▸ **Information**:
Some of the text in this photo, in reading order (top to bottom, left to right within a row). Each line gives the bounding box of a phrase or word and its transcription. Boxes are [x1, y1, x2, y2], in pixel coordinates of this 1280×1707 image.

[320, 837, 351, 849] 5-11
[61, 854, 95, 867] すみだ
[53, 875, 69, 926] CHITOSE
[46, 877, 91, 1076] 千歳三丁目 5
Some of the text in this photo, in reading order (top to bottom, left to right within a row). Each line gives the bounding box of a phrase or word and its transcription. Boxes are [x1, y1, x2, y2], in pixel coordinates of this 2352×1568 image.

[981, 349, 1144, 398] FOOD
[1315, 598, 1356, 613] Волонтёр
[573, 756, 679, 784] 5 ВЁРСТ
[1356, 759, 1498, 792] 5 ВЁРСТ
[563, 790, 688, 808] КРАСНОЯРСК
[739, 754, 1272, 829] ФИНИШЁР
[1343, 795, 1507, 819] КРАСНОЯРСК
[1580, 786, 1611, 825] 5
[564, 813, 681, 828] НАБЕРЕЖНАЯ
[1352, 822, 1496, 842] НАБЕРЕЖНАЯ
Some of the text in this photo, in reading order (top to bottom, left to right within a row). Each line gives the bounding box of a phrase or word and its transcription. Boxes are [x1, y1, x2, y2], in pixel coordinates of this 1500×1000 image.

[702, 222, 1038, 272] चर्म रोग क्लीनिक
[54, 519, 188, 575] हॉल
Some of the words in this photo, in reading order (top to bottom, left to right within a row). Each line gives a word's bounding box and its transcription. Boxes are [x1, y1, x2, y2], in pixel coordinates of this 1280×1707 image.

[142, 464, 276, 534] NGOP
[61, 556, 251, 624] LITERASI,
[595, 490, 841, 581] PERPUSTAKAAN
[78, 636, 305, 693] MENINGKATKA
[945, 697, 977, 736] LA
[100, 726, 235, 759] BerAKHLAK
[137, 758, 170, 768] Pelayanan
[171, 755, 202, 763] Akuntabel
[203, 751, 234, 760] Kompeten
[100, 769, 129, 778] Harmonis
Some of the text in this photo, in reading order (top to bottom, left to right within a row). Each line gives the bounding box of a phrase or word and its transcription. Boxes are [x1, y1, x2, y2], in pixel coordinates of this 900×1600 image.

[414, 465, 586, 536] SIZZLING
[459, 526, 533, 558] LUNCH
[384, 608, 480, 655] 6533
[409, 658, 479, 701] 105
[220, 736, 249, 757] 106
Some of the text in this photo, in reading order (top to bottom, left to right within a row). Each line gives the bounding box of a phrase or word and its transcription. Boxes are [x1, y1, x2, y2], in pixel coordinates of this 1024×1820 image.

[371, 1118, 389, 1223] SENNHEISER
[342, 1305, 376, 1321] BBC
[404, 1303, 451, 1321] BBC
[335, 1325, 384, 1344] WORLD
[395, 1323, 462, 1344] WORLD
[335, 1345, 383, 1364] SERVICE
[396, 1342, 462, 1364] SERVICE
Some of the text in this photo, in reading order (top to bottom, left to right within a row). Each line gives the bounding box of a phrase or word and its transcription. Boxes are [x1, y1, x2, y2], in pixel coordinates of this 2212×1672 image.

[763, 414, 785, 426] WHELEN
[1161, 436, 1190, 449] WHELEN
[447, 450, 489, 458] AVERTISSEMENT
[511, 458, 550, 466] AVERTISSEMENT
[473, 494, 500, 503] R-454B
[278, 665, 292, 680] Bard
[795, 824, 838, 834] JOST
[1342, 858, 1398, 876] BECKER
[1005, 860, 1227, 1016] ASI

▸ **Task to carry out**:
Set down, exactly and completely, all of the material.

▸ **Finished exercise**:
Some of the text in this photo, in reading order (top to bottom, left to right within a row). Each line gives the bounding box of a phrase or word and its transcription. Boxes are [x1, y1, x2, y2], in pixel coordinates of this 1280×1707 image.

[320, 837, 351, 849] 5-11
[61, 854, 95, 867] すみだ
[53, 875, 69, 926] CHITOSE
[46, 877, 91, 1076] 千歳三丁目 5
Some of the text in this photo, in reading order (top to bottom, left to right within a row). Each line gives the bounding box of a phrase or word and its transcription. Boxes are [x1, y1, x2, y2], in pixel coordinates of this 2352×1568 image.

[981, 349, 1144, 398] FOOD
[1315, 598, 1356, 613] Волонтёр
[573, 756, 679, 784] 5 ВЁРСТ
[1356, 759, 1498, 792] 5 ВЁРСТ
[563, 790, 688, 808] КРАСНОЯРСК
[739, 754, 1272, 829] ФИНИШЁР
[1343, 795, 1507, 819] КРАСНОЯРСК
[1580, 786, 1611, 825] 5
[564, 813, 681, 828] НАБЕРЕЖНАЯ
[1352, 822, 1496, 842] НАБЕРЕЖНАЯ
Some of the text in this photo, in reading order (top to bottom, left to right within a row). Each line gives the bounding box of a phrase or word and its transcription. Boxes are [x1, y1, x2, y2], in pixel coordinates of this 1500×1000 image.

[702, 222, 1038, 272] चर्म रोग क्लीनिक
[54, 519, 188, 575] हॉल
Some of the words in this photo, in reading order (top to bottom, left to right within a row). Each line gives a word's bounding box and its transcription. Boxes are [x1, y1, x2, y2], in pixel coordinates of this 1280×1707 image.

[142, 464, 276, 534] NGOP
[61, 556, 251, 624] LITERASI,
[595, 490, 841, 581] PERPUSTAKAAN
[78, 636, 305, 693] MENINGKATKA
[945, 697, 977, 736] LA
[100, 726, 235, 759] BerAKHLAK
[137, 758, 170, 768] Pelayanan
[171, 755, 202, 763] Akuntabel
[203, 751, 234, 760] Kompeten
[100, 769, 129, 778] Harmonis
Some of the text in this photo, in reading order (top to bottom, left to right within a row). Each line gives the bounding box of a phrase or word and its transcription. Boxes are [x1, y1, x2, y2], in pixel coordinates of this 900×1600 image.

[414, 465, 586, 536] SIZZLING
[459, 526, 533, 558] LUNCH
[384, 608, 480, 655] 6533
[409, 658, 479, 701] 105
[220, 736, 249, 757] 106
Some of the text in this photo, in reading order (top to bottom, left to right within a row). Each line gives the bounding box of a phrase or word and its transcription. Boxes are [x1, y1, x2, y2], in pixel coordinates of this 1024×1820 image.

[371, 1118, 389, 1223] SENNHEISER
[342, 1305, 376, 1321] BBC
[404, 1303, 451, 1321] BBC
[335, 1325, 384, 1344] WORLD
[395, 1323, 462, 1344] WORLD
[335, 1345, 383, 1364] SERVICE
[396, 1342, 462, 1364] SERVICE
Some of the text in this photo, in reading order (top to bottom, left to right within a row). Each line gives the bounding box of a phrase or word and its transcription. Boxes are [x1, y1, x2, y2], in pixel coordinates of this 2212×1672 image.

[763, 414, 785, 426] WHELEN
[1161, 436, 1190, 449] WHELEN
[447, 450, 489, 458] AVERTISSEMENT
[511, 458, 550, 466] AVERTISSEMENT
[473, 494, 500, 503] R-454B
[278, 665, 292, 680] Bard
[795, 824, 838, 834] JOST
[1342, 858, 1398, 876] BECKER
[1005, 860, 1227, 1016] ASI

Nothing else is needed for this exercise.